だから「極道(マフィア)の掟」と同じと思えばいい。似てるでしょ?その極道の構成員は、後で詳述しますが、まず国連常任理事国の5つ(わかりやすいように「列強」と呼びます)、そしてそれ以外の核保有国、残りの加盟国はゴマメです。次の投稿で触れますが、日本は更に特殊な位置にいます。

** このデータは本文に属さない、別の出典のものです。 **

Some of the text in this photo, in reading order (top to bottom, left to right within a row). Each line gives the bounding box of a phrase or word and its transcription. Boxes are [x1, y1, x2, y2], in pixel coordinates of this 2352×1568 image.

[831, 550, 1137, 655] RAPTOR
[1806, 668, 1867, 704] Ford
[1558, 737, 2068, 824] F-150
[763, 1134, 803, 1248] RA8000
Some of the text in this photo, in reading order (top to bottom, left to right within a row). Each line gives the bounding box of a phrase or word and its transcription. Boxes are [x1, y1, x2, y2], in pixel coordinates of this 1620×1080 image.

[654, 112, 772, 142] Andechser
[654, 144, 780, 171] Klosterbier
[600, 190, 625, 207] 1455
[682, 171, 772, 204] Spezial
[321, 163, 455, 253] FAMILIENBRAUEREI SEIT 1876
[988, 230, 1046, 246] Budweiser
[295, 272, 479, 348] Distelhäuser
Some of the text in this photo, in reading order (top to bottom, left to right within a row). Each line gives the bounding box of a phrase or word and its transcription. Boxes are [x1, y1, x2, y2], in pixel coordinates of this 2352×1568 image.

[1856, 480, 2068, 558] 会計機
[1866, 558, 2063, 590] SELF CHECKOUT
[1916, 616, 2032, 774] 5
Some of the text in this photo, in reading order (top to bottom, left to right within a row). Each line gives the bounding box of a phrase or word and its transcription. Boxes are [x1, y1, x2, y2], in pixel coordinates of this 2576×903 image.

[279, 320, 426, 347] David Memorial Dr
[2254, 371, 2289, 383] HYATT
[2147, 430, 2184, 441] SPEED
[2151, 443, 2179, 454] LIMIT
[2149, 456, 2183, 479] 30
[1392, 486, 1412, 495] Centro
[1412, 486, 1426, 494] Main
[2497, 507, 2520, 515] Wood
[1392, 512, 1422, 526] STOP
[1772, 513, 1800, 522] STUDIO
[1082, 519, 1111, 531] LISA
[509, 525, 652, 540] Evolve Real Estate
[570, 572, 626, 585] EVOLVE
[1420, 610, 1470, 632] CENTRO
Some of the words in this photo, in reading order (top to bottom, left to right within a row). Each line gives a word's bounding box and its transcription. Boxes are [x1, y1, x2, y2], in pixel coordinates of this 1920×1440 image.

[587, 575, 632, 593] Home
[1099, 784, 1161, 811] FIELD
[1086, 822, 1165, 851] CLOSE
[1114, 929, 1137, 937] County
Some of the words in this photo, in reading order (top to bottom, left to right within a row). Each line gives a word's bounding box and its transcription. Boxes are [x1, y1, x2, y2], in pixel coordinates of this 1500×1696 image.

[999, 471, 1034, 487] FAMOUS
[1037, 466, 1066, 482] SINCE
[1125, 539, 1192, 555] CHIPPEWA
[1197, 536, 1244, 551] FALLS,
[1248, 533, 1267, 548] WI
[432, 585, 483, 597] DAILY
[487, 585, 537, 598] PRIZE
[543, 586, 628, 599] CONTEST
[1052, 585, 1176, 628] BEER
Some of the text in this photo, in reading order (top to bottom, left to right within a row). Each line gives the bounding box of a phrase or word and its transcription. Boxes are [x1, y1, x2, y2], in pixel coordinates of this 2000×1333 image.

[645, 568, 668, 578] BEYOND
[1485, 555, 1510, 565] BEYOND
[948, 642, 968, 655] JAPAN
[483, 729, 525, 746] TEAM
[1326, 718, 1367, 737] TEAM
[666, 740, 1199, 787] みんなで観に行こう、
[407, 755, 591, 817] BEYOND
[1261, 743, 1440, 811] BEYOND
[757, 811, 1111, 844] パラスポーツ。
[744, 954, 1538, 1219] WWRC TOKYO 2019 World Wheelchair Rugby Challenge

この世界は究極的にはマフィアの世界と言い切っていいと思います。
(例)(かの有名な)不戦条約(ケロッグ・ブリアン条約)
・これは「当事国が国際紛争解決のために戦争に訴えることを非とし,国家の政策の手段としての戦争を放棄することを宣言するとともに,国際紛争を平和的に解決すべきこと」に合意したとはいうものの、英米が「『自衛』戦争までは禁止できない」「自国外でも『死活的利害地域』では自衛権を行使する」と留保をつけたので、この留保はもちろん全員に適用される。
・ここでの自衛や死活的利害地域の定義は「自国で判断」して良い。なら「何でもあり」にならざるを得ない。
・かと言って、列強に話を通さず内緒で勝手に判断すると「馬鹿野郎!身の程を知れ!」と叱られる。弱小マフィアは弱い。
・こんな風に「自衛」「死活的利害地域」に主観的な定義を残すと、結局は紛争になる(これが列強の狙いかもしれないが)
・満州は日本の「死活的利害地域」だったと主張は出来たはず。事実そうだし、日本は当時は列強の末席にいたので。
・いずれにしても「お前(不戦条約)は事実上既に死んでいる」
3)国際法上の用語は特別の意味がある.(例:「侵攻・侵略(aggression)」)
・Aggressionには「残虐さ」はないので「侵攻」の方がぴったりくる。
・先制攻撃すれば何でも侵攻という訳ではない。「挑発もなしに先制攻撃をすること」が侵攻。つまり「酷くいじめられたら殴り返しても良い」のが国際法。でも相手を見極める必要はあります。倍返しされます(^^;)「挑発」の定義も当事者間で決めるので、何をか言わんや。
(例)満州事変は支那からの度重なる挑発(3千件以上記録されている)があった。真珠湾攻撃はアメリカの挑発があった。烏露戦争はどうだろう?
・「自作自演」でも侵攻にはならない。挑発に対する自力救済なら。
(例)柳条湖事件
支那人による日本人(適法に住んでいる)への虐殺が頻発。中華民国(蒋介石、張学良)に言っても収まらない。仕方なく、「自力救済」を発動しただけ。(国内法ではダメでも、国際法ではOK)
(例)アメリカなんて自作自演だらけ
アラモ砦、メーン号爆破、トンキン湾事件、ルシタニア号事件、真珠湾攻撃、911(ん?)
4)国際法の背景には自然法がある。
・自然法とは何か? 国際法の父と呼ばれるグロチウスは「民族や時代に関係なくすべての人間に通用する普遍的な法律」を想定しているが、具体的に何が自然法かと言うと、正直言って国によってマチマチでしょう。
・アメリカの解釈は「人権問題では内政干渉して良い。」「資本主義は自然法の要請である。」「自国に経済的不利益がある場合の改善要求は干渉ではない。」とまあ控えめに見ても手前みそというか、何でもありです。この辺りは列強のエゴが見えていて、結局のところ世界は力勝負の強い者勝ちなのが現実でしょうね。
(4)最後に、ビスマルクから伊藤博文や大久保利通への直言をご紹介
「いわゆる公法(国際公法)というのは、列強の権利を保全する不変の道とはいうものの、大国が利を争う場合、もし自国に利ありとみれば公法に固執するけれども、いったん不利となれば、一転、兵力をもってするのである。だから、(大国視点では)公法はつねにこれを守らなければならないというものではないのだ。」
「これに反して、小国は孜々として外交の辞令と公理とを省顧し、決してその枠を越えるようなことはない。そして、自主の権を保とうと努めるのだが、大国からの『黒を白といいくるめや、相手を侮辱したりする政略』にあえば、ほとんど自主の権を保持することはできないのがつねなのだ。」